* Recorded information *
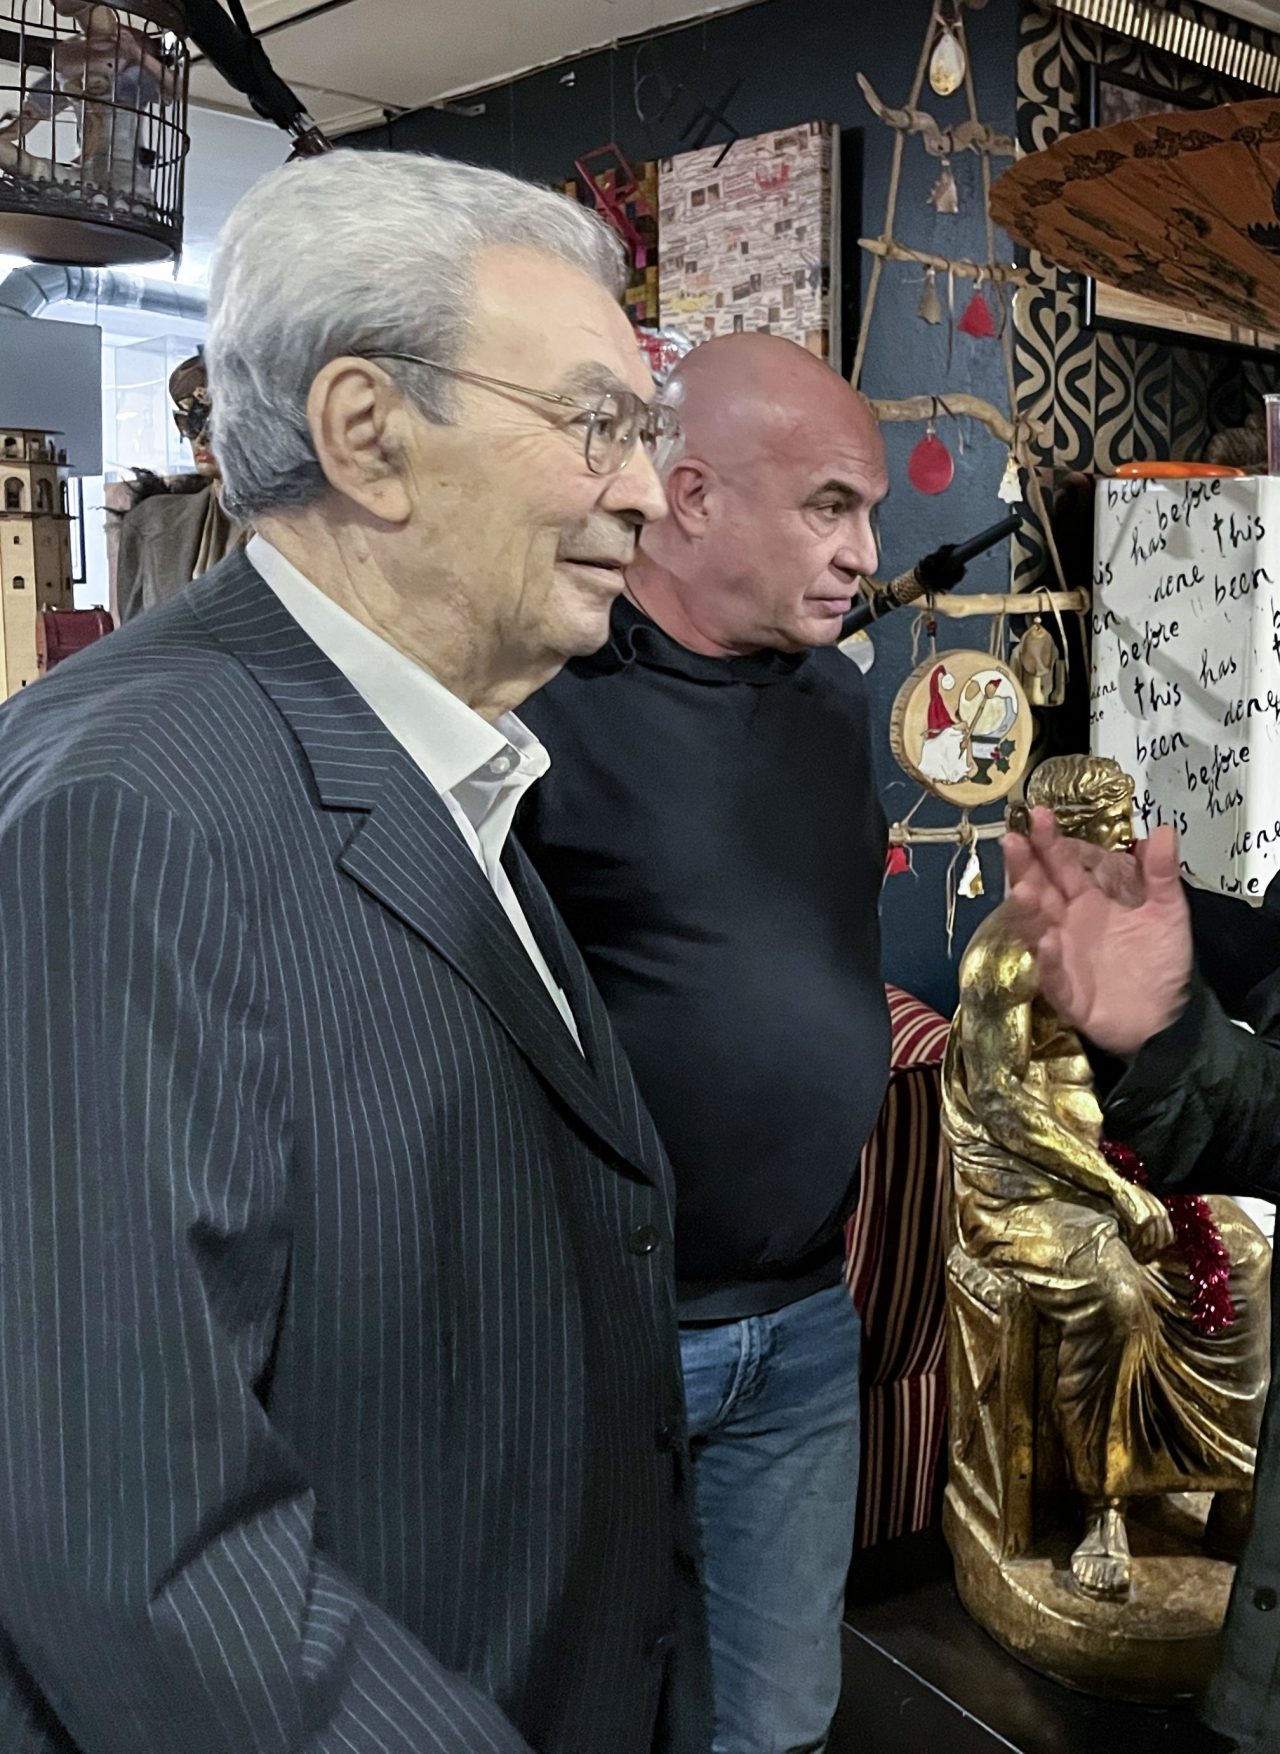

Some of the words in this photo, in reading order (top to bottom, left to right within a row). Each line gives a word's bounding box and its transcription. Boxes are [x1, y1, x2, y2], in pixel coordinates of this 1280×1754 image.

[1155, 479, 1221, 531] before
[1130, 526, 1167, 566] has
[1213, 512, 1265, 558] this
[1214, 568, 1275, 605] been
[1117, 620, 1179, 668] before
[1199, 648, 1237, 689] has
[1134, 676, 1181, 720] this
[1136, 732, 1190, 765] been
[1185, 744, 1251, 792] before
[1206, 778, 1244, 819] has

* Exercise goal *
Reproduce the entries above word for word. Pictures stay out.

* Exercise output *
Some of the words in this photo, in reading order (top to bottom, left to right within a row). Each line gives a word's bounding box and its transcription. Boxes are [x1, y1, x2, y2], in pixel coordinates of this 1280×1754 image.

[1155, 479, 1221, 531] before
[1130, 526, 1167, 566] has
[1213, 512, 1265, 558] this
[1214, 568, 1275, 605] been
[1117, 620, 1179, 668] before
[1199, 648, 1237, 689] has
[1134, 676, 1181, 720] this
[1136, 732, 1190, 765] been
[1185, 744, 1251, 792] before
[1206, 778, 1244, 819] has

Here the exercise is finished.